▸ Data for this task:
****************************************
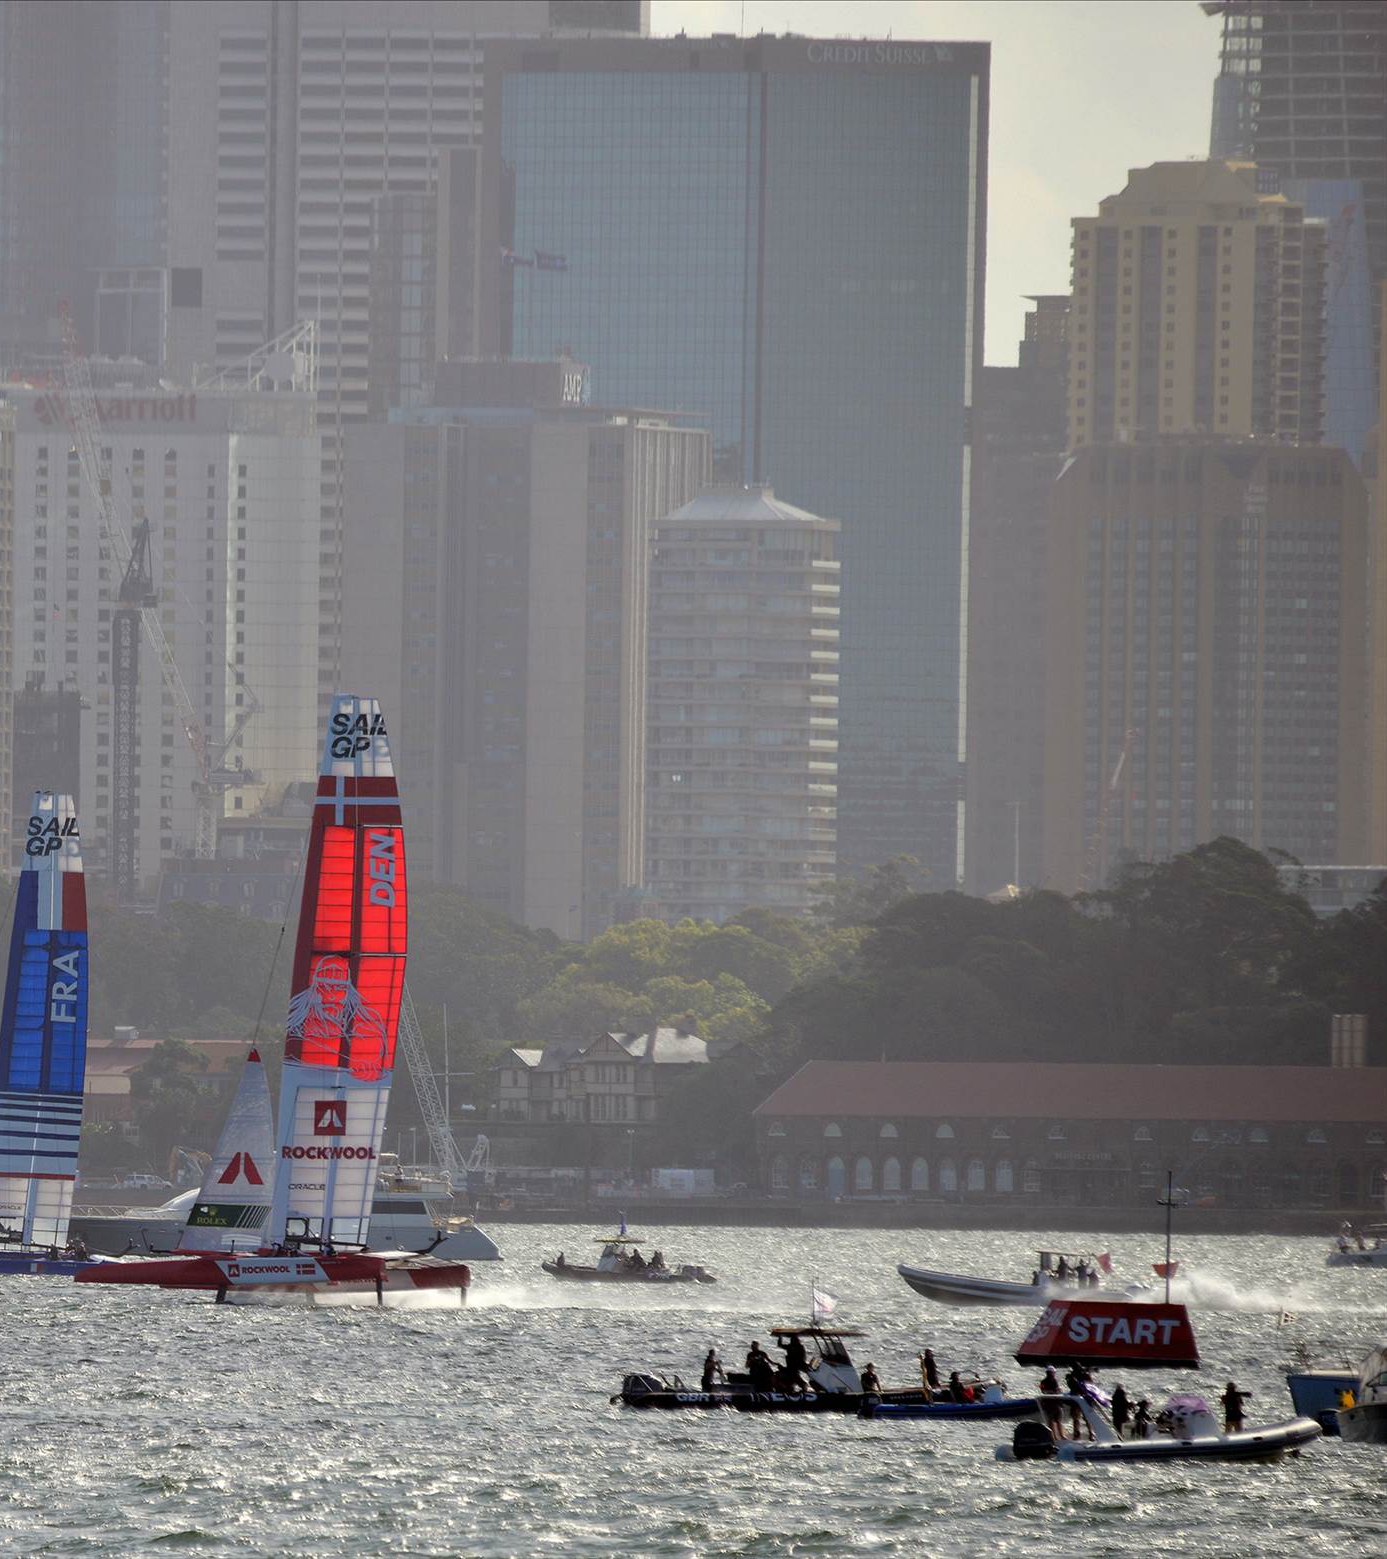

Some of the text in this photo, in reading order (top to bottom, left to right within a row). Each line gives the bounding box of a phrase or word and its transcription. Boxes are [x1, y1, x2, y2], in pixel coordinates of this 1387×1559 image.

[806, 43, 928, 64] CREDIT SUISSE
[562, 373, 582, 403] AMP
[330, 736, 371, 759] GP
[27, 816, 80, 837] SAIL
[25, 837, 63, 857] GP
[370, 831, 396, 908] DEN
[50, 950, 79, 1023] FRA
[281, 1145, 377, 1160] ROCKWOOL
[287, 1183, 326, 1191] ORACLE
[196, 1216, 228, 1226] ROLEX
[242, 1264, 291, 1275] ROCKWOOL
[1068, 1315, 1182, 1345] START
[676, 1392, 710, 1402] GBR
****************************************
▸ Exercise instructions: The answer is a faithful copy of the records above, with the pictures removed.

▸ Solution for this exercise:
Some of the text in this photo, in reading order (top to bottom, left to right within a row). Each line gives the bounding box of a phrase or word and its transcription. Boxes are [x1, y1, x2, y2], in pixel coordinates of this 1387×1559 image.

[806, 43, 928, 64] CREDIT SUISSE
[562, 373, 582, 403] AMP
[330, 736, 371, 759] GP
[27, 816, 80, 837] SAIL
[25, 837, 63, 857] GP
[370, 831, 396, 908] DEN
[50, 950, 79, 1023] FRA
[281, 1145, 377, 1160] ROCKWOOL
[287, 1183, 326, 1191] ORACLE
[196, 1216, 228, 1226] ROLEX
[242, 1264, 291, 1275] ROCKWOOL
[1068, 1315, 1182, 1345] START
[676, 1392, 710, 1402] GBR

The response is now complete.